Given the amazing versatilit­y of these platforms, it’s no mystery why India and South Africa, which have two of the biggest generic drug industries in the world, are so eager to get their hands on American mRNA technology.

Both countries can even be forgiven for this transparen­t attempt to enrich themselves at the expense of American businesses. What’s unforgivab­le is that American negotiator­s are willing to go along with the charade — and scapegoat IP laws for vaccinatio­n bottleneck­s that health care authoritie­s in developing countries freely admit are caused by logistical and cultural issues, not a vaccine shortage.

The Obama administra­tion, which we both served in, faced a similar narrative in 2016 when the United Nations’ High-Level Panel on Access to Medicines — which was convened the previous year — issued a report lamenting the “misalignme­nt between public health objectives ... and intellectu­al property protection.”
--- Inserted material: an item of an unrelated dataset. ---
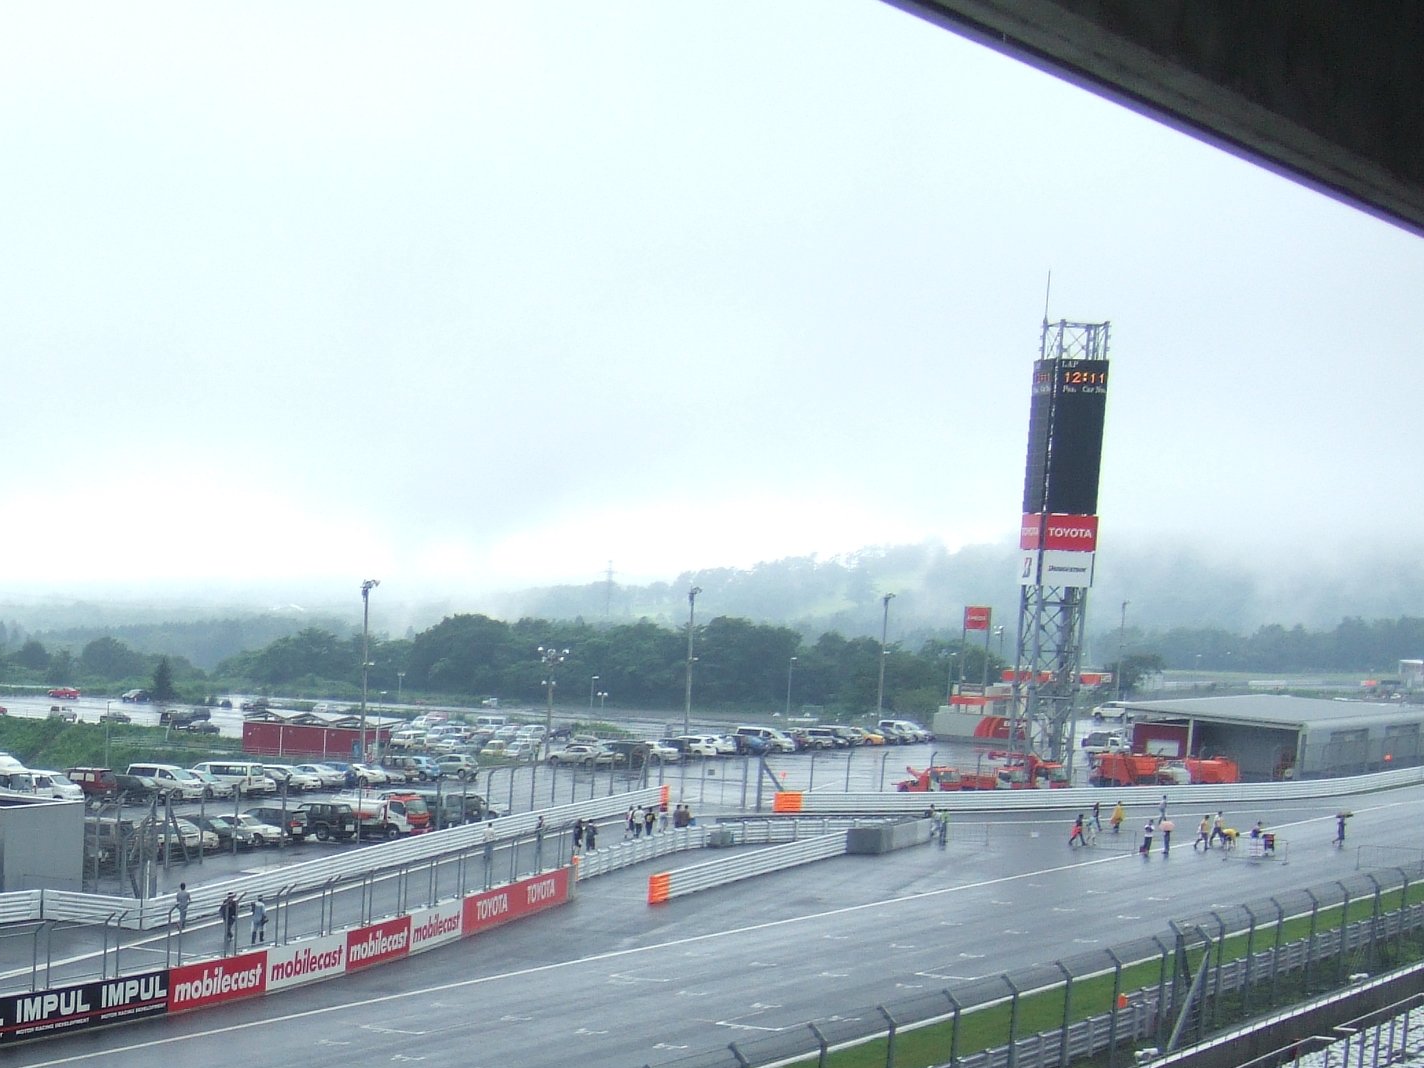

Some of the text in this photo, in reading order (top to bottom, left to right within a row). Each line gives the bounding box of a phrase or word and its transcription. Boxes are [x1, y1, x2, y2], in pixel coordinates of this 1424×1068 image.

In response, the State Department under the leadership of John Kerry, and ultimately President Obama proudly defended strong IP protection­s, noting that “intellectu­al property rights and trade are essential to medical innovation, which is fundamenta­l to promoting global health ... Indeed, there can be no access to drugs that have not been developed: support for innovation is essential.”

The IP waiver is a distractio­n from the real obstacles to the worldwide vaccinatio­n campaign. It’s disappoint­ing that U.S. negotiator­s in Geneva are pretending otherwise.

Kappos served as the undersecre­tary of commerce for intellectu­al property and director of the United States Patent and Trademark Office from 2009 to 2013. Locke served as the U.S. ambassador to China and the U.S. secretary of commerce under President Obama, and from 1997 to 2005, as the governor of Washington.